Published: Sun, July 10, 2005 @ 12:00 a.m.



Christopher Dresser was a pioneer modern designer working in England in the late 19th century. He created unusual forms and decorations that were "cutting edge" for the day.

From 1879 to 1882, he originated 37 radical designs for silver and silver plate made by James Dixon and Sons. Dresser had been in Japan, and his designs reflecting Asian ideas included a geometric teapot shaped like a cube, another like a disk and another like a box with a square hole in the center.

All of the pots had ebony or ebonized wood and silver handles made of straight pieces -- no curves.
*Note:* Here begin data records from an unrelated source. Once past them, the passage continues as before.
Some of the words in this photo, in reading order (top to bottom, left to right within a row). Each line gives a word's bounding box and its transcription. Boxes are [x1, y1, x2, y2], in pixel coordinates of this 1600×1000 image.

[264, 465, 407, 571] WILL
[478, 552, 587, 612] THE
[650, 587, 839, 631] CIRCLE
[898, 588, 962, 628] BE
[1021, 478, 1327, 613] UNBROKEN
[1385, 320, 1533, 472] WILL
Dresser also designed for more than 50 manufacturers, making ceramics, textiles, furniture, wallpaper, glass and metalwork. Today his designs are collected by museums as well as those who appreciate originality.
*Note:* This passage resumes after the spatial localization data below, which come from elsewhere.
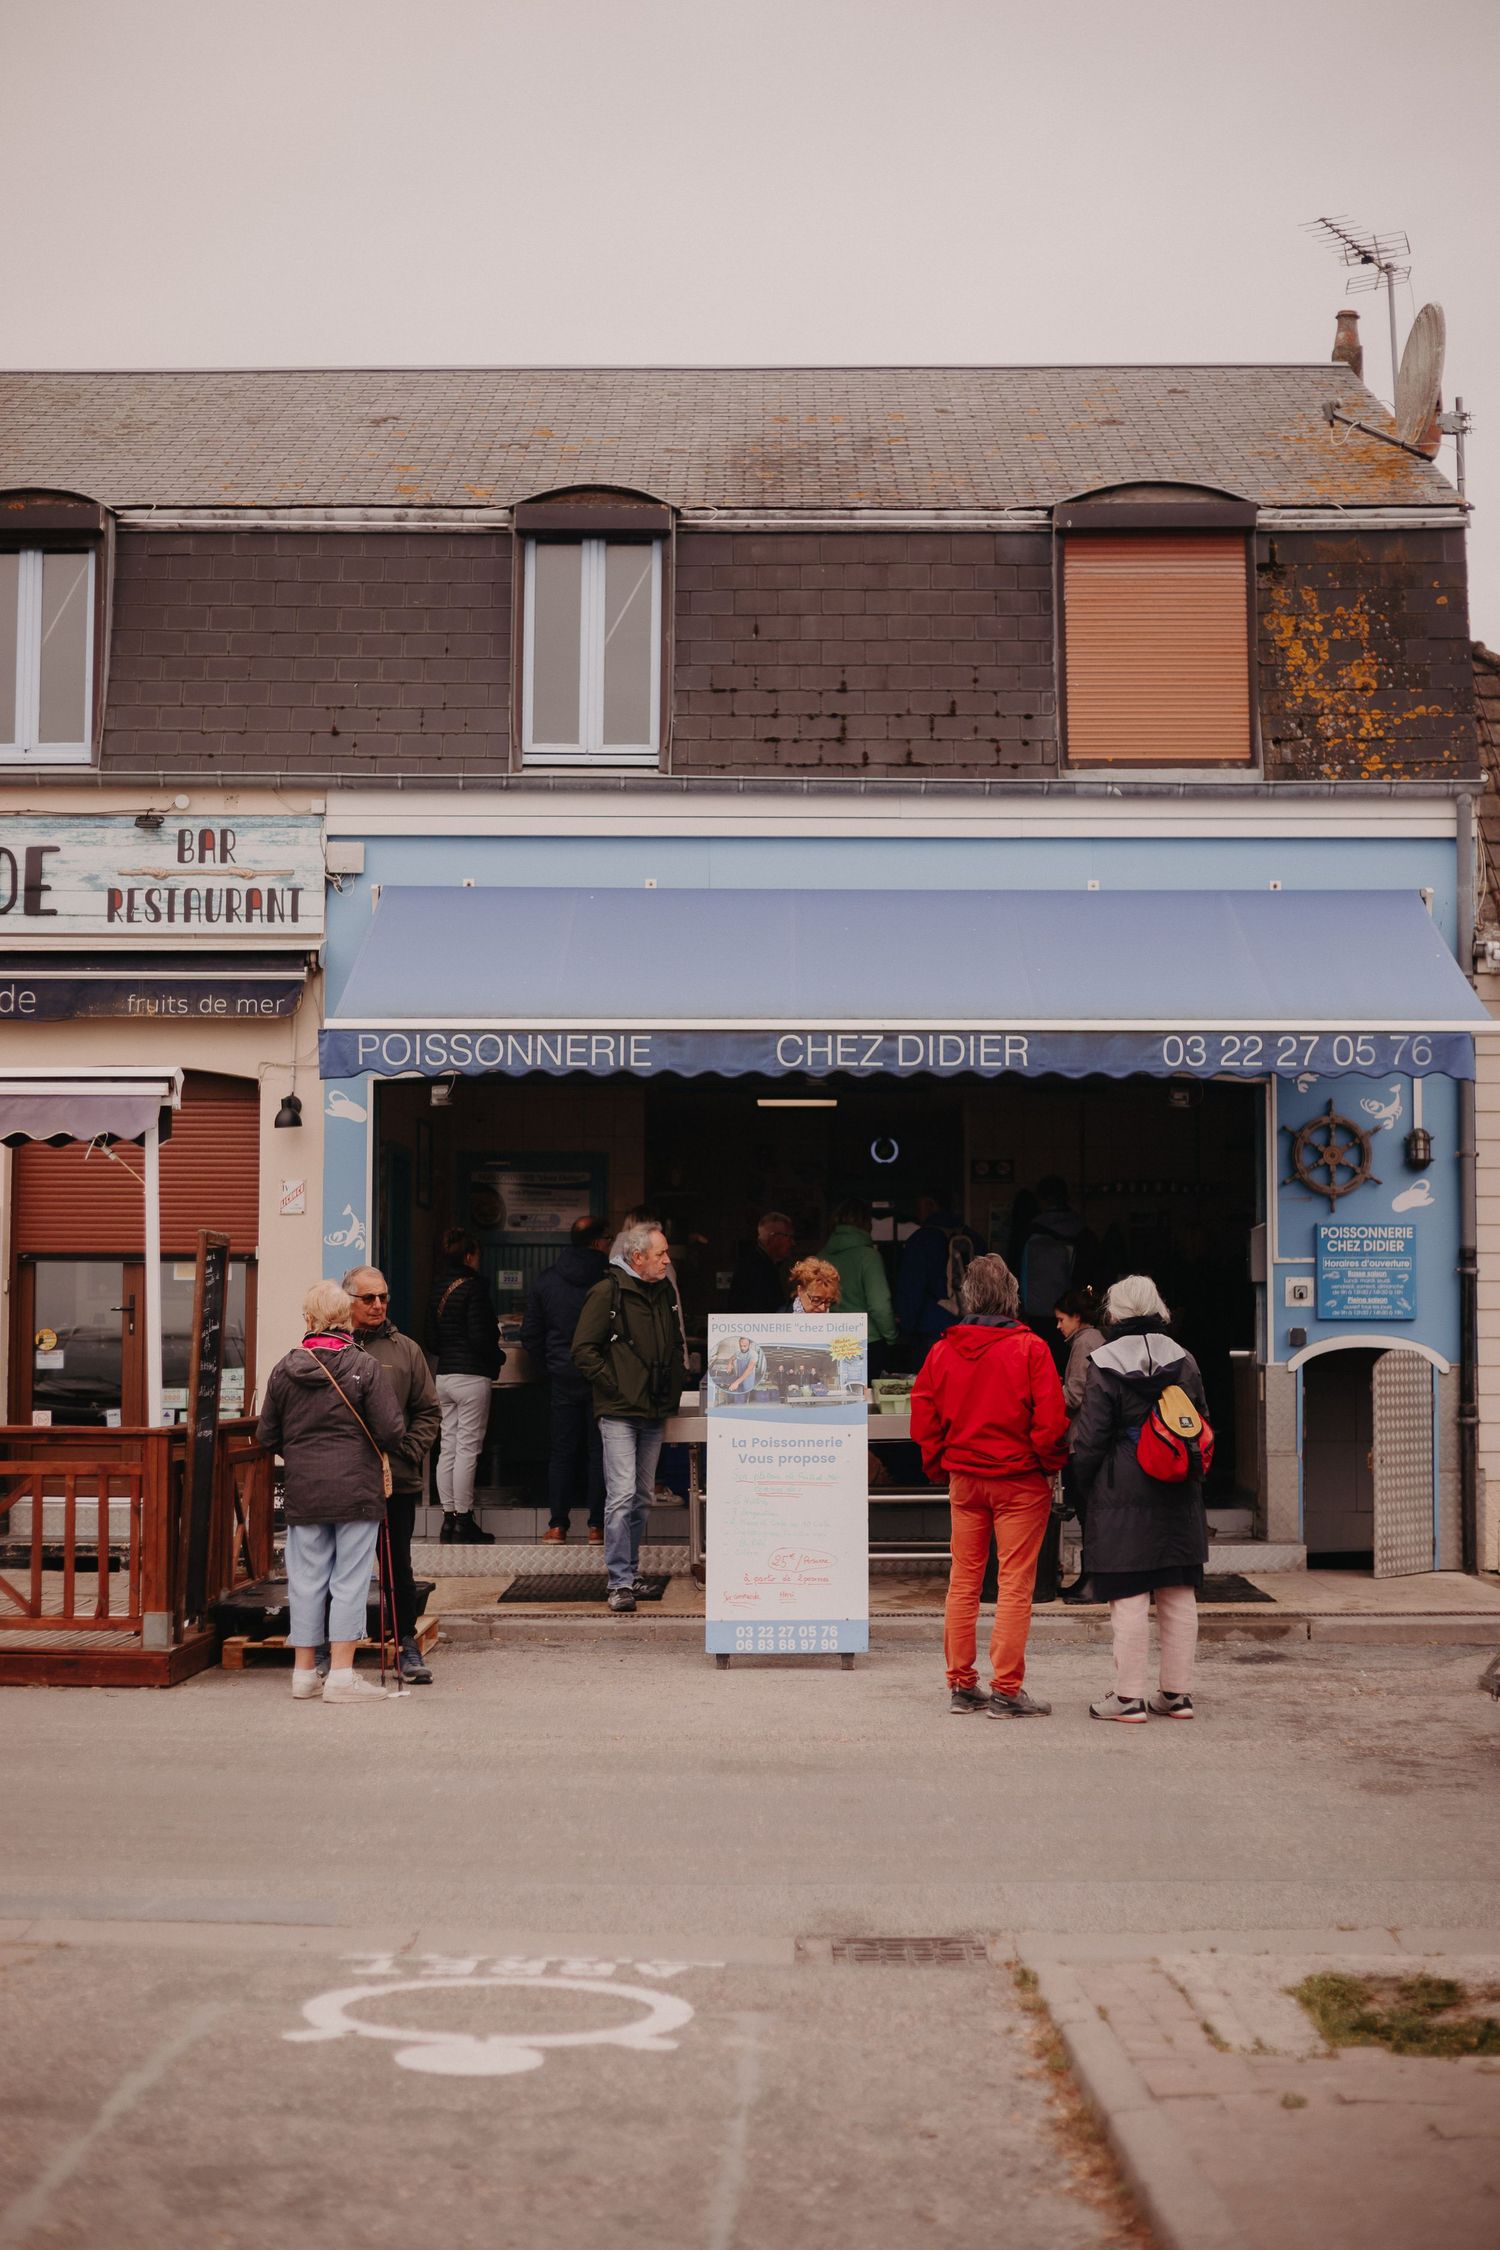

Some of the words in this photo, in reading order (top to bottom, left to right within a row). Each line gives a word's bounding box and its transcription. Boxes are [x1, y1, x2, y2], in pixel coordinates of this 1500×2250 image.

[177, 828, 236, 864] BAR
[107, 887, 304, 923] RESTAURANT
[128, 994, 188, 1014] fruits
[199, 994, 228, 1013] de
[237, 996, 285, 1013] mer
[358, 1033, 652, 1067] POISSONNERIE
[776, 1034, 884, 1067] CHEZ
[898, 1035, 1029, 1067] DIDIER
[1163, 1035, 1207, 1066] 03
[1220, 1035, 1263, 1066] 22
[1276, 1035, 1320, 1066] 27
[1333, 1035, 1376, 1066] 05
[1389, 1035, 1433, 1066] 76
[1320, 1226, 1414, 1239] POISSONNERIE
[1327, 1240, 1361, 1252] CHEZ
[1363, 1240, 1405, 1252] DIDIER
[1324, 1259, 1359, 1267] Horaires
[1361, 1259, 1410, 1267] d'ouverture
[711, 1322, 792, 1333] POISSONNERIE
[732, 1437, 747, 1448] La
[752, 1436, 843, 1448] Poissonnerie
[738, 1453, 773, 1464] Vous
[778, 1454, 836, 1466] propose
[736, 1626, 753, 1638] 03
[758, 1626, 774, 1638] 22
[778, 1626, 795, 1638] 27
[799, 1626, 816, 1638] 05
[821, 1626, 838, 1638] 76
[736, 1639, 753, 1651] 06
[758, 1639, 774, 1651] 83
[779, 1639, 796, 1651] 68
[800, 1639, 816, 1651] 97
[821, 1639, 838, 1651] 90
Q. I bought a small corner table at a garage sale about 25 years ago. If you pull on the curved apron, you actually pull out a small chair that's attached to one corner of the table. The label on the bottom reads "Superior Table, 9100C, 1951." What can you tell me about it?

A. Your small convertible table-desk was made in 1951 by the Superior Furniture Co. of Lowell, Mich. The firm was founded in 1936 by William S. Lee. It's still in business and is owned by the same family. During its first decades, Superior manufactured solid cherry tables of all kinds in 18th-century revival styles. Since then, the company has expanded its lines and uses various woods to produce various styles and designs.
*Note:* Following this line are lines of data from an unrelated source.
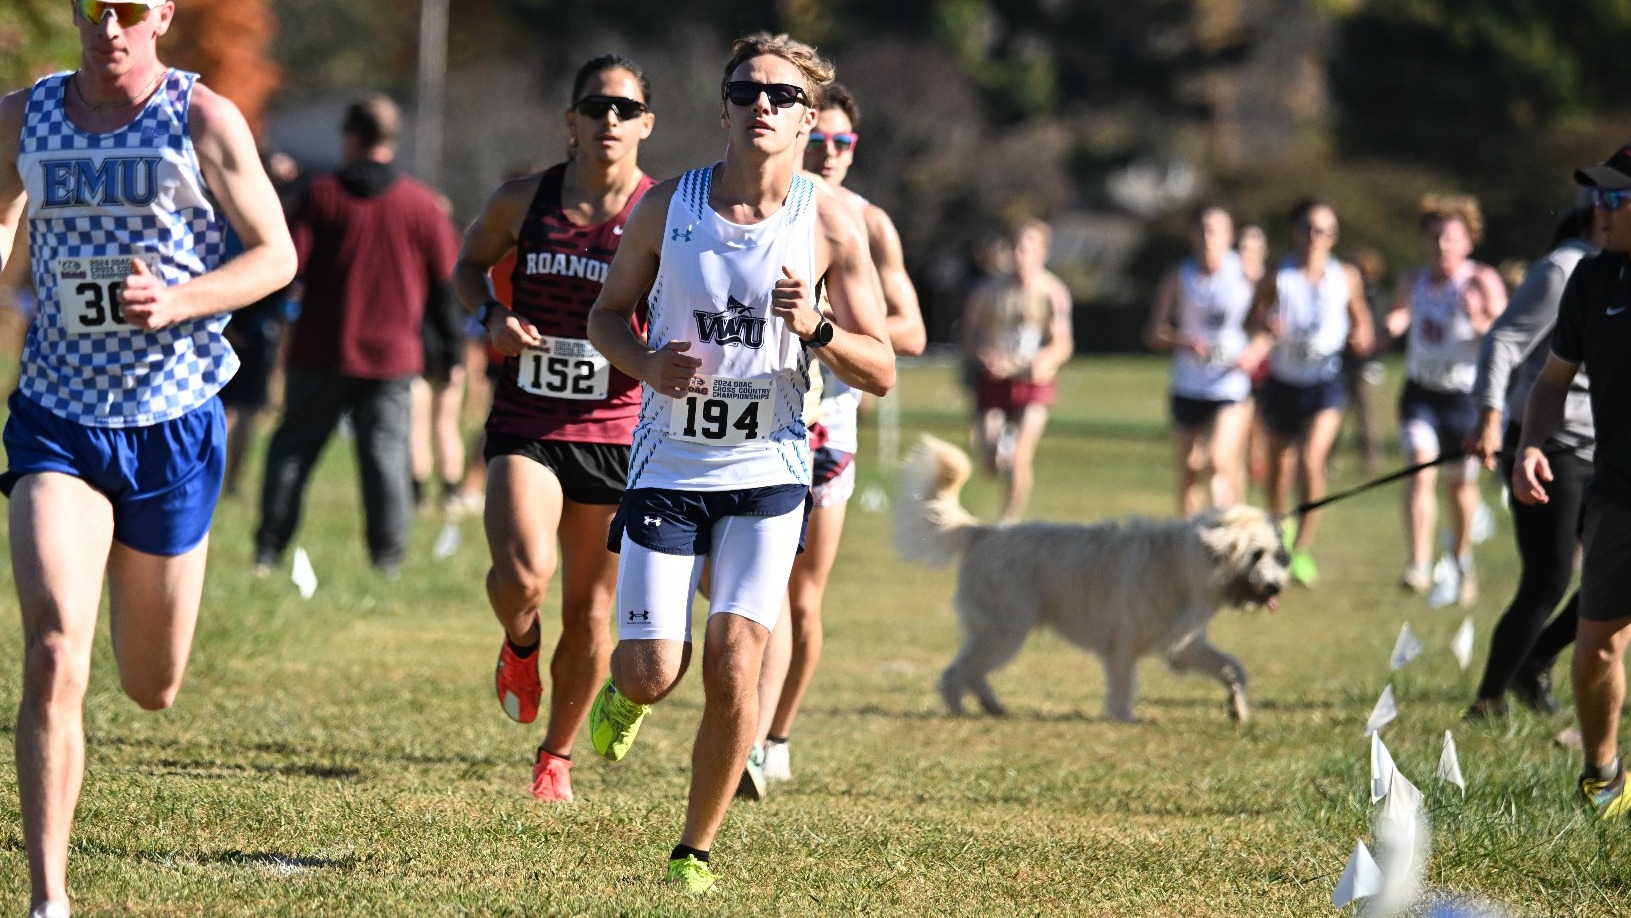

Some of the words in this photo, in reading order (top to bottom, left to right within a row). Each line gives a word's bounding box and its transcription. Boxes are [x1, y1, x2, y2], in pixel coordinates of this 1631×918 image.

[39, 157, 163, 210] EMU
[531, 354, 595, 394] 152
[713, 379, 732, 387] 2024
[688, 387, 708, 395] DAC
[713, 386, 736, 394] CROSS
[739, 387, 771, 395] COUNTRY
[683, 396, 759, 440] 194
Q. My husband has had a round Mickey Mouse belt buckle since he was a child. It's 21/2 inches in diameter, with an embossed Mickey holding a paintbrush. Above him are the embossed words "Mickey Mouse, 1937, Hollywood, Cal., U.S.A." Can you tell me what it's worth?

A. It's worth very little, because it's one of two well-known Mickey Mouse belt-buckle fakes manufactured in large quantities during the 1970s. No buckle like it was ever authorized or licensed by Disney, in 1937 or any other year. The other fake that often turns up is a rectangular buckle showing Mickey peering through a telescope.

Q. My brother, born in 1919, got a set of children's dishes from our grandparents when he was a baby. The set includes a cup and saucer, bowl and two plates -- one 7 inches, and the other 81/4 inches in diameter. The dishes are in excellent condition. What's unusual about them is that they are decorated with colored pictures of children playing war games with toy rifles and artillery. The mark on the bottom of the plate is the word "Bavaria" below what appears to be a pottery bowl with the word "Thomas" on the front. Can you tell us anything about the dishes?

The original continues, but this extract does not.